» TO DO
Reproduce all of the entries character for character, while leaving out any pictures they contain.

Images for object localization
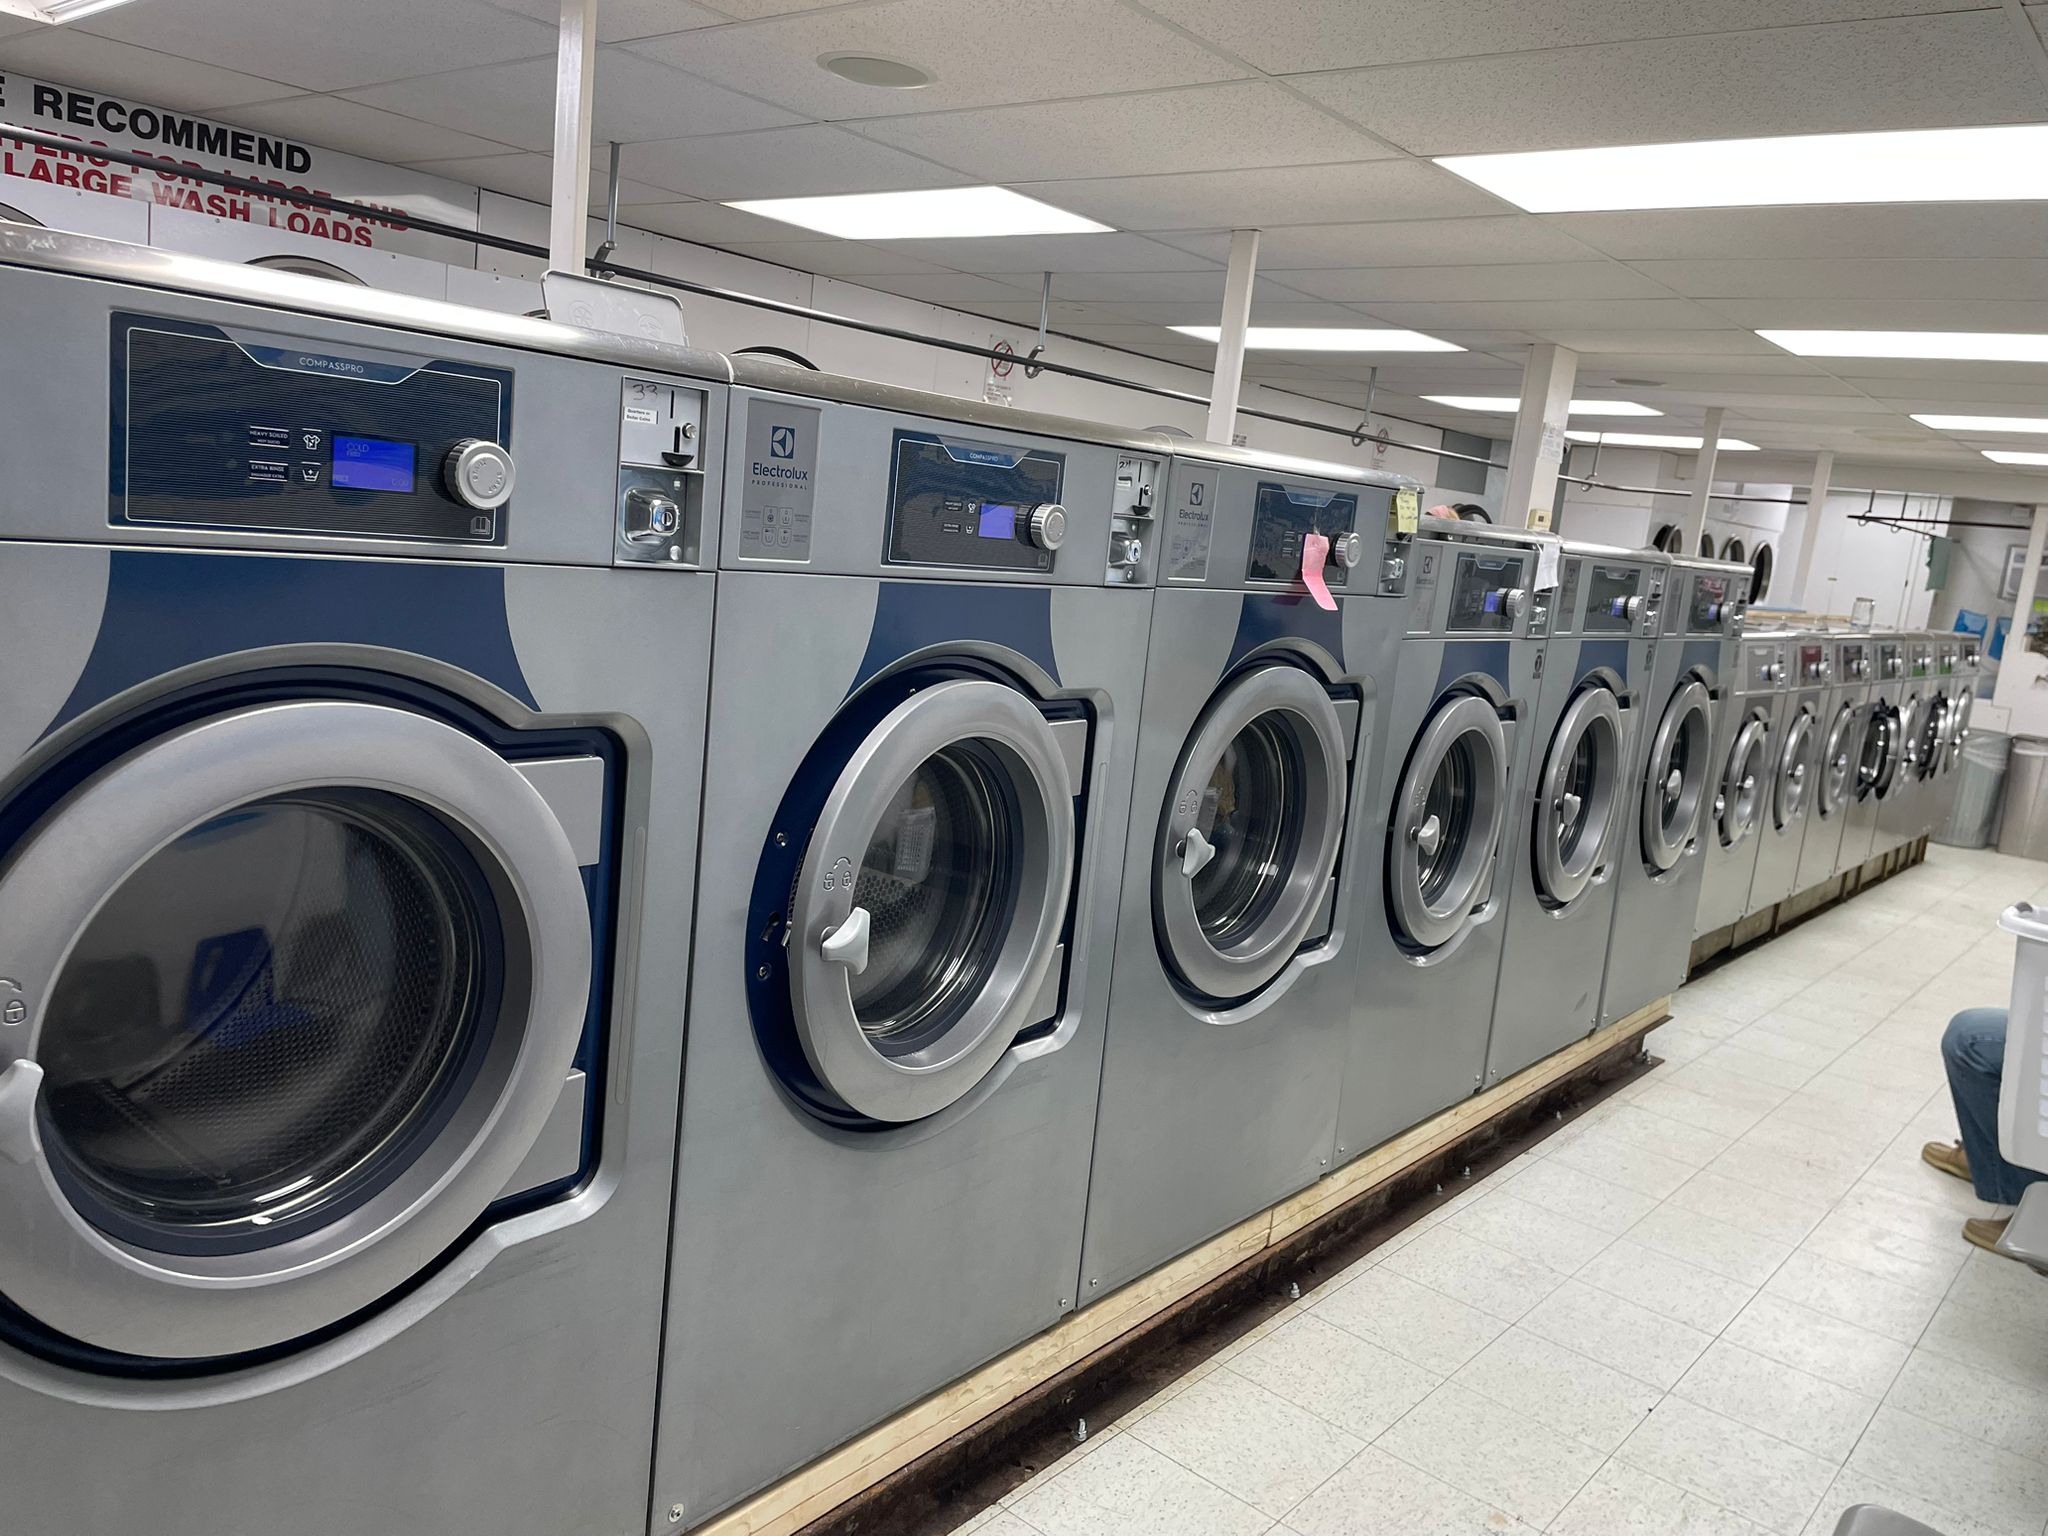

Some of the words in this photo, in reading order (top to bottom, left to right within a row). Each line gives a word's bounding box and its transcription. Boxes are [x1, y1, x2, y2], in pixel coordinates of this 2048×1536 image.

[34, 84, 312, 174] RECOMMEND
[5, 152, 133, 199] LARGE
[152, 181, 250, 222] WASH
[269, 207, 373, 248] LOADS
[299, 357, 364, 374] COMPASSPRO
[752, 462, 808, 481] Electrolux
[751, 480, 808, 491] PROFESSIONAL
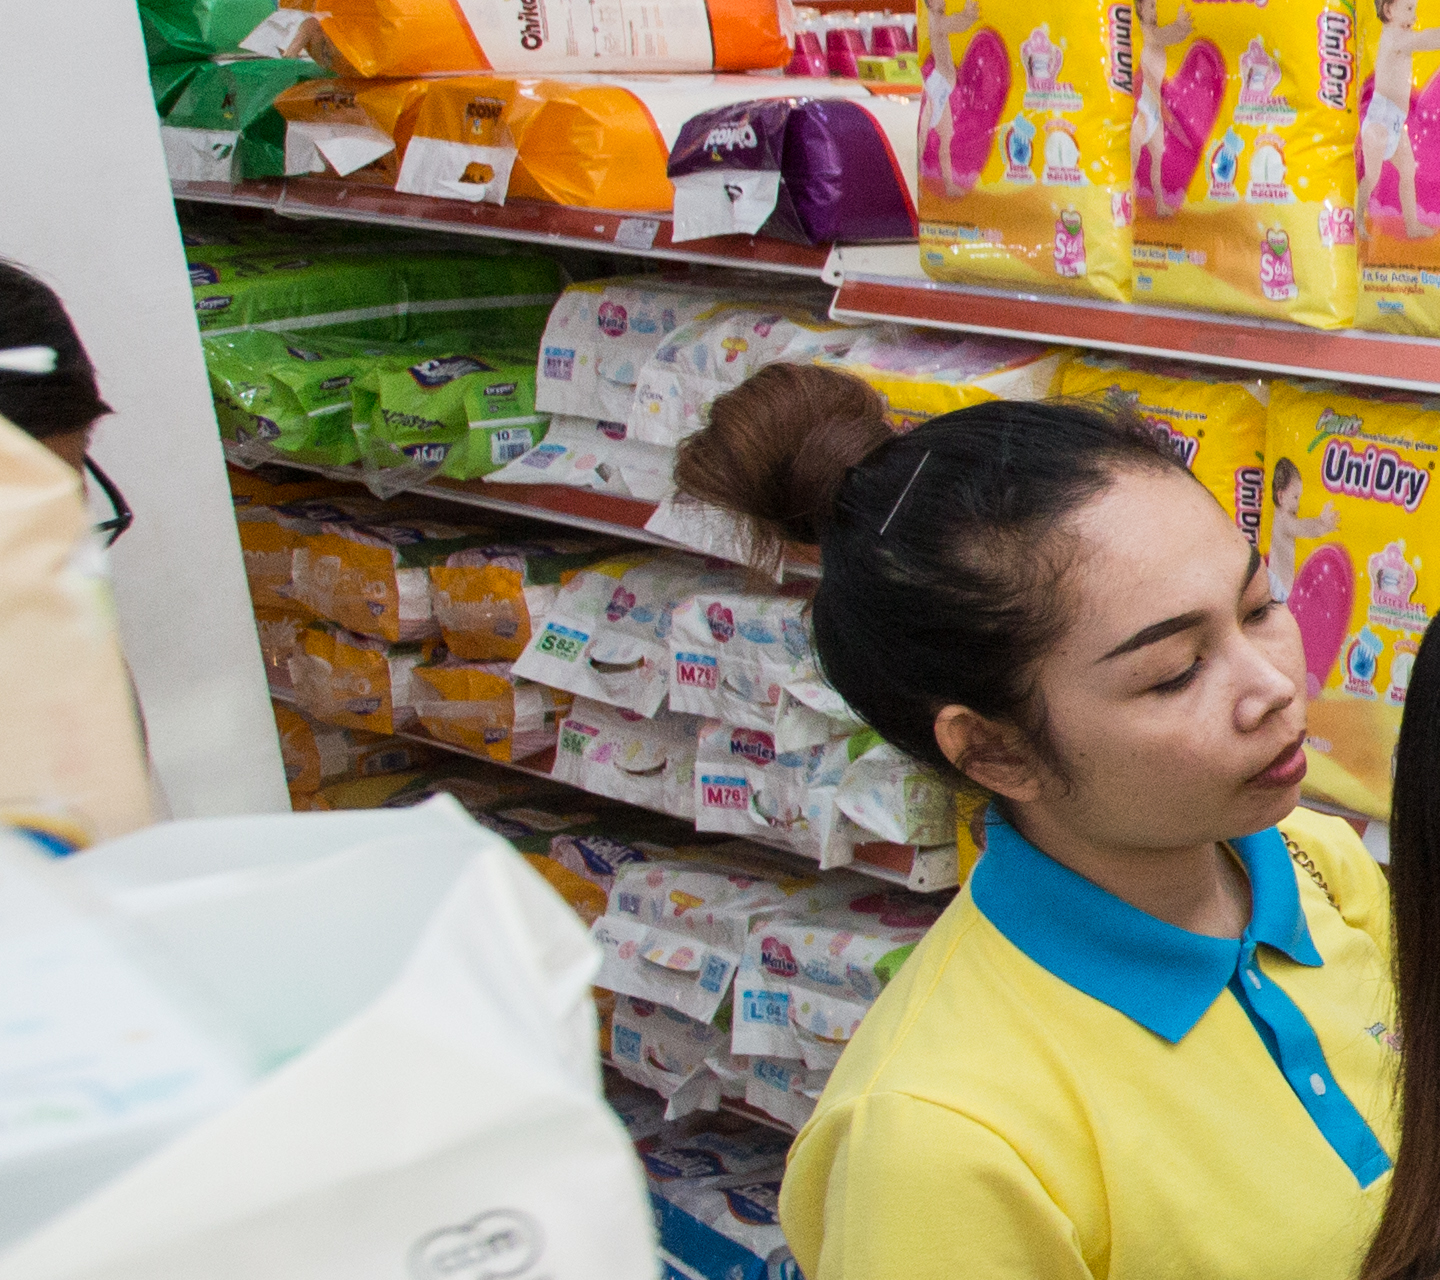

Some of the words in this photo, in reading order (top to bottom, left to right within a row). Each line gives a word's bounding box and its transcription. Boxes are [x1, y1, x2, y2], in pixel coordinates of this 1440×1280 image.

[1320, 10, 1354, 108] UniDry
[1260, 254, 1275, 281] S
[494, 428, 511, 442] 10
[1323, 446, 1429, 509] UniDry
[540, 633, 556, 652] S
[680, 664, 698, 683] M
[706, 787, 724, 804] M
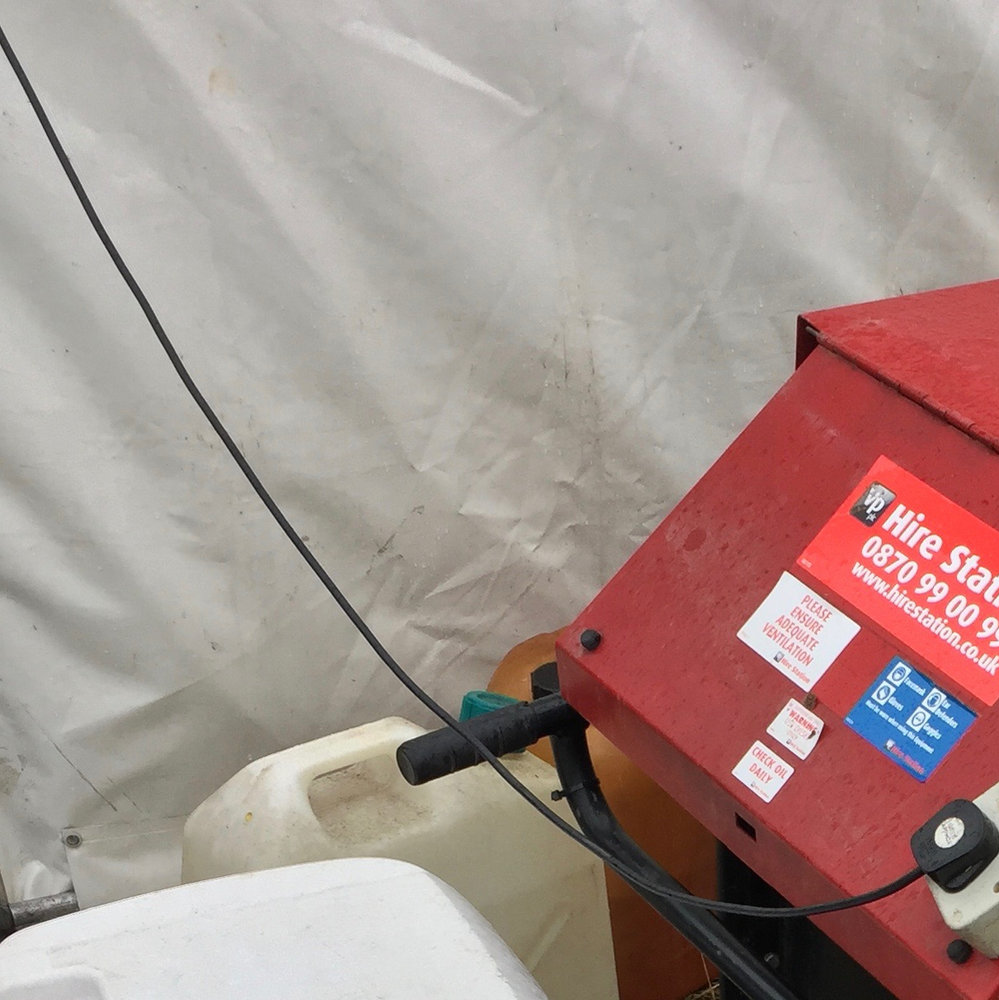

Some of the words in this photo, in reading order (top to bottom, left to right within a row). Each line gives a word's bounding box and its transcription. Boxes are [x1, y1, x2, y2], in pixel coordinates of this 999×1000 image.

[881, 503, 943, 560] Hire
[861, 535, 919, 584] 0870
[914, 573, 949, 604] 99
[945, 595, 980, 627] 00
[790, 606, 824, 635] ENSURE
[801, 594, 833, 622] PLEASE
[762, 622, 814, 667] VENTILATION
[775, 615, 819, 652] ADEQUATE
[749, 763, 773, 784] DAILY
[752, 746, 777, 769] CHECK
[774, 763, 788, 779] OIL

» RESPONSE TO THIS TASK
Some of the words in this photo, in reading order (top to bottom, left to right within a row). Each line gives a word's bounding box and its transcription. Boxes are [x1, y1, x2, y2], in pixel coordinates of this 2048×1536 image.

[34, 84, 312, 174] RECOMMEND
[5, 152, 133, 199] LARGE
[152, 181, 250, 222] WASH
[269, 207, 373, 248] LOADS
[299, 357, 364, 374] COMPASSPRO
[752, 462, 808, 481] Electrolux
[751, 480, 808, 491] PROFESSIONAL

Some of the words in this photo, in reading order (top to bottom, left to right within a row). Each line gives a word's bounding box and its transcription. Boxes are [x1, y1, x2, y2], in pixel coordinates of this 1440×1280 image.

[1320, 10, 1354, 108] UniDry
[1260, 254, 1275, 281] S
[494, 428, 511, 442] 10
[1323, 446, 1429, 509] UniDry
[540, 633, 556, 652] S
[680, 664, 698, 683] M
[706, 787, 724, 804] M

Some of the words in this photo, in reading order (top to bottom, left to right within a row). Each line gives a word's bounding box and its transcription. Boxes are [x1, y1, x2, y2], in pixel coordinates of this 999×1000 image.

[881, 503, 943, 560] Hire
[861, 535, 919, 584] 0870
[914, 573, 949, 604] 99
[945, 595, 980, 627] 00
[790, 606, 824, 635] ENSURE
[801, 594, 833, 622] PLEASE
[762, 622, 814, 667] VENTILATION
[775, 615, 819, 652] ADEQUATE
[749, 763, 773, 784] DAILY
[752, 746, 777, 769] CHECK
[774, 763, 788, 779] OIL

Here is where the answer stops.